Natural world physical, brain operational, and mind phenomenal space-time.

Andrew A Fingelkurts1, Alexander A Fingelkurts, Carlos F H Neves.   

Abstract

Concepts of space and time are widely developed in physics. However, there is a considerable lack of biologically plausible theoretical frameworks that can demonstrate how space and time dimensions are implemented in the activity of the most complex life-system - the brain with a mind. Brain activity is organized both temporally and spatially, thus representing space-time in the brain. Critical analysis of recent research on the space-time organization of the brain's activity pointed to the existence of so-called operational space-time in the brain. This space-time is limited to the execution of brain operations of differing complexity. During each such brain operation a particular short-term spatio-temporal pattern of integrated activity of different brain areas emerges within related operational space-time. At the same time, to have a fully functional human brain one needs to have a subjective mental experience. Current research on the subjective mental experience offers detailed analysis of space-time organization of the mind.

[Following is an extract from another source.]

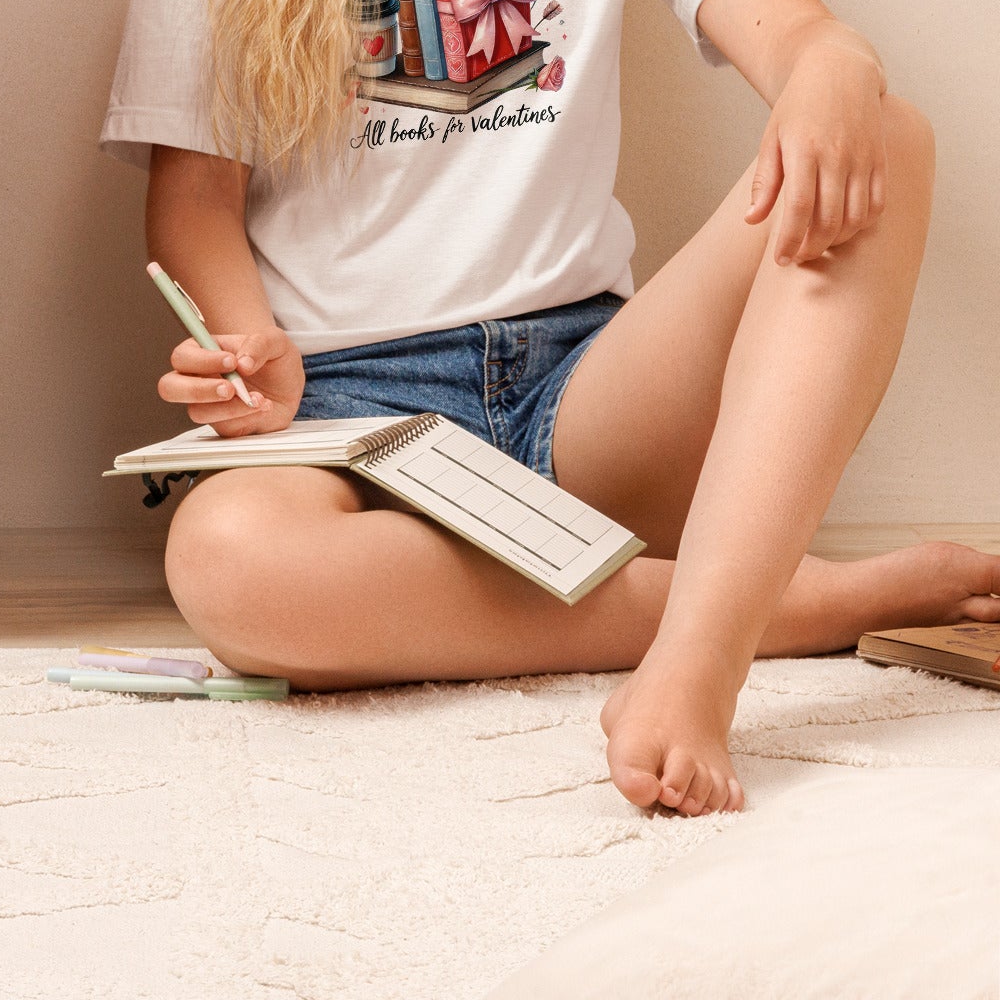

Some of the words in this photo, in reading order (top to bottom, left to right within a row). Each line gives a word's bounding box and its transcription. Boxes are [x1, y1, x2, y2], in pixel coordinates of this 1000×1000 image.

According to this research, subjective mental experience (subjective virtual world) has definitive spatial and temporal properties similar to many physical phenomena. Based on systematic review of the propositions and tenets of brain and mind space-time descriptions, our aim in this review essay is to explore the relations between the two. To be precise, we would like to discuss the hypothesis that via the brain operational space-time the mind subjective space-time is connected to otherwise distant physical space-time reality. Copyright 2010 Elsevier B.V. All rights reserved.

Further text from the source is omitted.